Precision loss in modeling of 80-bit FPU registers
Summary
Remill models some 80-bit x87 FPU registers with f64's. Per discussion with @pgoodman, this was a design choice to prioritize bitcode portability.
- What are the possible impacts of this modeling strategy?
- Should this be configurable?
- If configurable, should it be the default, or opt-in?
- If configurable, should it be so at runtime, or only statically?
Along with these concrete questions, this would also be a good chance to consider staking out explicit goals and non-goals wrt modeling approaches.
Discussion and examples
Internally, Remill already has types that could fully model 80-bit registers, e.g. here. These are currently used when modeling memory regions.
Right now, the lossy register modeling currently occurs in exactly one place: when modeling 80-bit FPU registers in the x86 architecture, here.

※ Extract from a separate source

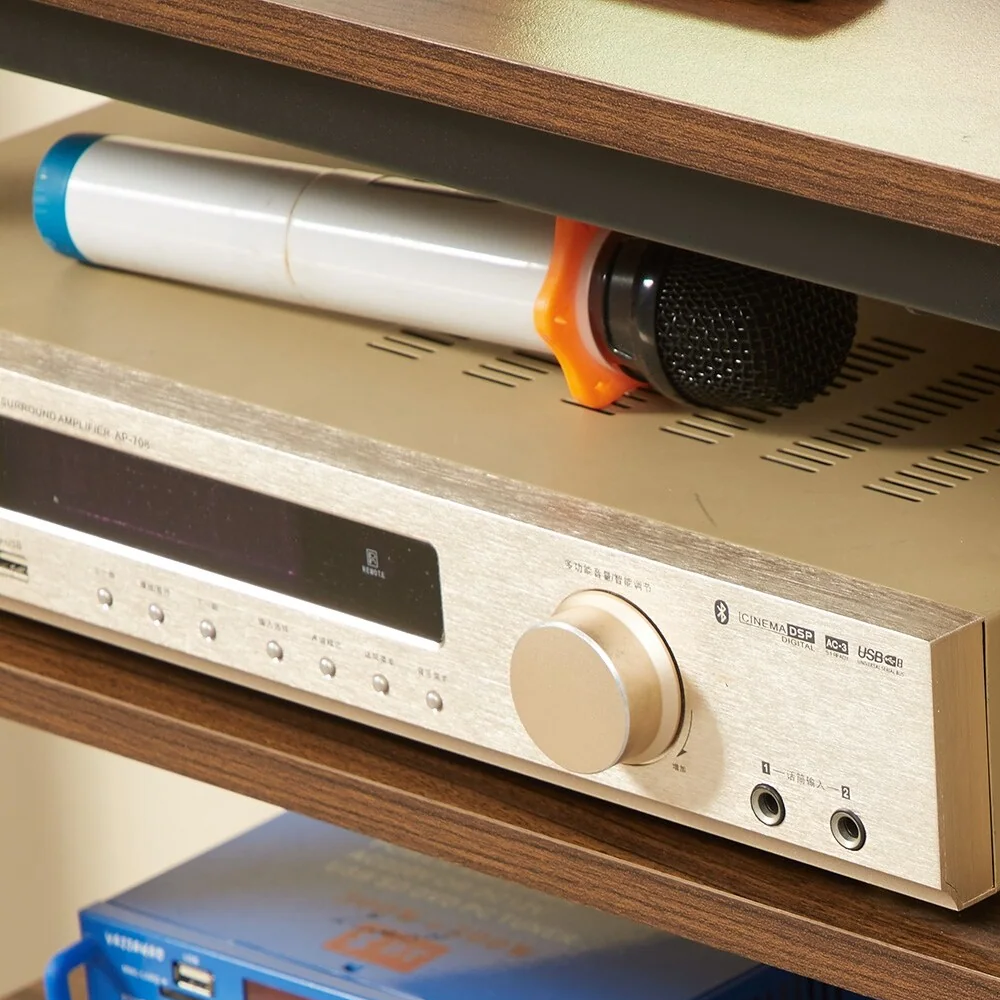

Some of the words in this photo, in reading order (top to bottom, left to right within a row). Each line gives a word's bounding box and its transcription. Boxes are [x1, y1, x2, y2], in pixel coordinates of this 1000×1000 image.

When thinking about typical numerical code (physical modeling, statistics), it is easy to argue that the lost precision will not necessarily have a meaningful impact on program semantics; the lifted computations should be roughly the same in the ways that we care about, but the actual runtime values will be coarser approximations.
One subtlety is that numeric algorithms may check for iterative convergence or divergence, and do so using very small or large constants. The lifted bitcode, with lossy register types, could then be observably different in terms of not just numerical approximation, but runtime control flow.
There are also cases where FP registers are used to optimize integer arithmetic. A famous case of this is Daniel J. Bernstein's reference implementation of Curve25519. Such optimization strategies depend on particular uint values in a certain range (acting as scalars in a finite field) and (critically) their arithmetic operations being exactly representable in a certain floating point data type. Error due to approximation in this circumstance would be catastrophic, unlike the seemingly "softer" failure mode of losing significant digits. I don't think any modern implementations of that particular curve would explicitly use registers r0 to r7, but the idea generalizes.
The register modeling above will also be used for the (in-progress) semantics of the FBLD and FBSTP instructions, which load/store 80-bit packed binary-coded decimal integers into 80-bit FP registers. In the Intel SDM (Vol. 1, 4.7), we have an explicit guarantee of the exact representability of any BCD integer in an 80-bit x87 register, and this guarantee does not hold for f64 registers. For example, packed BCD integers range over -1e18 + 1 to 1e18 - 1, but I believe the contiguous range of integers we can exactly represent all of as f64 is approximately -9e15 to 9e15.
Tying it all together, it looks like we model SSE/AVX registers with custom types that capture their full size. In that sense, I'm not sure what makes f80 modeling a special case. Whatever we think makes the most sense, it would be helpful to document when to make such tradeoffs, and to understand exactly what we win and lose by doing so. For example:
- What kind of round-tripping guarantees should Remill provide?
- What kind of divergent runtime behavior is acceptable in lifted code?
- Do we really want to permit lifted bitcode to functionally differ from original binary?